◆ TASK ◆
Nothing other than an exact copy of the lines from the one containing "this 1568×2352 image." through the last line of the listing below should be written.

◆ DATA FOR PROCESSING ◆

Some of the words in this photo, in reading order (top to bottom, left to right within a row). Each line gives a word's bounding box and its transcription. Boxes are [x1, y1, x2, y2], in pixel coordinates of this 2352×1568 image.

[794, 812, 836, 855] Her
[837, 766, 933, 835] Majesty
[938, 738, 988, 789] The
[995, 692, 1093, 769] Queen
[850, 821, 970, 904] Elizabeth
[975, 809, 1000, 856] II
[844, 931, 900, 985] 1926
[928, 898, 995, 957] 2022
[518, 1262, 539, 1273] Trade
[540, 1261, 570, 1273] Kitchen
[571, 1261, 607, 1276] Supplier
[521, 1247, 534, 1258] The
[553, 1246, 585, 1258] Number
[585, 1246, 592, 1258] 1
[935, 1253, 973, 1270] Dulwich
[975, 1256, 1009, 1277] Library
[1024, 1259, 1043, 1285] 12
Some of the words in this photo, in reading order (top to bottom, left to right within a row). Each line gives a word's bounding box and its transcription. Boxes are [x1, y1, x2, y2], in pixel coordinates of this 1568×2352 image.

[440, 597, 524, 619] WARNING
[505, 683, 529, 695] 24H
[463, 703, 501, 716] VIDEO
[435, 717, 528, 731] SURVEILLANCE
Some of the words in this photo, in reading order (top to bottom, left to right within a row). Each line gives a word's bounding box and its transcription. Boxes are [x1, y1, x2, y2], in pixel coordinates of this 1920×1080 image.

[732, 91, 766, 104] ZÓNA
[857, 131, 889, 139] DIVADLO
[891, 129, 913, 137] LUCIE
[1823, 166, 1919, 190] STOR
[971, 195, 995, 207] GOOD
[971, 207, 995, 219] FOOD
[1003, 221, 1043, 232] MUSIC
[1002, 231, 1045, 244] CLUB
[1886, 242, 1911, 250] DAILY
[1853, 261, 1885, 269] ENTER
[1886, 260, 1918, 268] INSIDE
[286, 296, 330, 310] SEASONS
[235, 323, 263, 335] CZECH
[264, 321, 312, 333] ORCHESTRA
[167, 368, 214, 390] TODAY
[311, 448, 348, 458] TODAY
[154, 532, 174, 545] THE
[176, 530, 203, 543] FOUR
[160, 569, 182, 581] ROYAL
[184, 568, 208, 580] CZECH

◆ EXERCISE RESPONSE ◆
Some of the words in this photo, in reading order (top to bottom, left to right within a row). Each line gives a word's bounding box and its transcription. Boxes are [x1, y1, x2, y2], in pixel coordinates of this 1568×2352 image.

[440, 597, 524, 619] WARNING
[505, 683, 529, 695] 24H
[463, 703, 501, 716] VIDEO
[435, 717, 528, 731] SURVEILLANCE
Some of the words in this photo, in reading order (top to bottom, left to right within a row). Each line gives a word's bounding box and its transcription. Boxes are [x1, y1, x2, y2], in pixel coordinates of this 1920×1080 image.

[732, 91, 766, 104] ZÓNA
[857, 131, 889, 139] DIVADLO
[891, 129, 913, 137] LUCIE
[1823, 166, 1919, 190] STOR
[971, 195, 995, 207] GOOD
[971, 207, 995, 219] FOOD
[1003, 221, 1043, 232] MUSIC
[1002, 231, 1045, 244] CLUB
[1886, 242, 1911, 250] DAILY
[1853, 261, 1885, 269] ENTER
[1886, 260, 1918, 268] INSIDE
[286, 296, 330, 310] SEASONS
[235, 323, 263, 335] CZECH
[264, 321, 312, 333] ORCHESTRA
[167, 368, 214, 390] TODAY
[311, 448, 348, 458] TODAY
[154, 532, 174, 545] THE
[176, 530, 203, 543] FOUR
[160, 569, 182, 581] ROYAL
[184, 568, 208, 580] CZECH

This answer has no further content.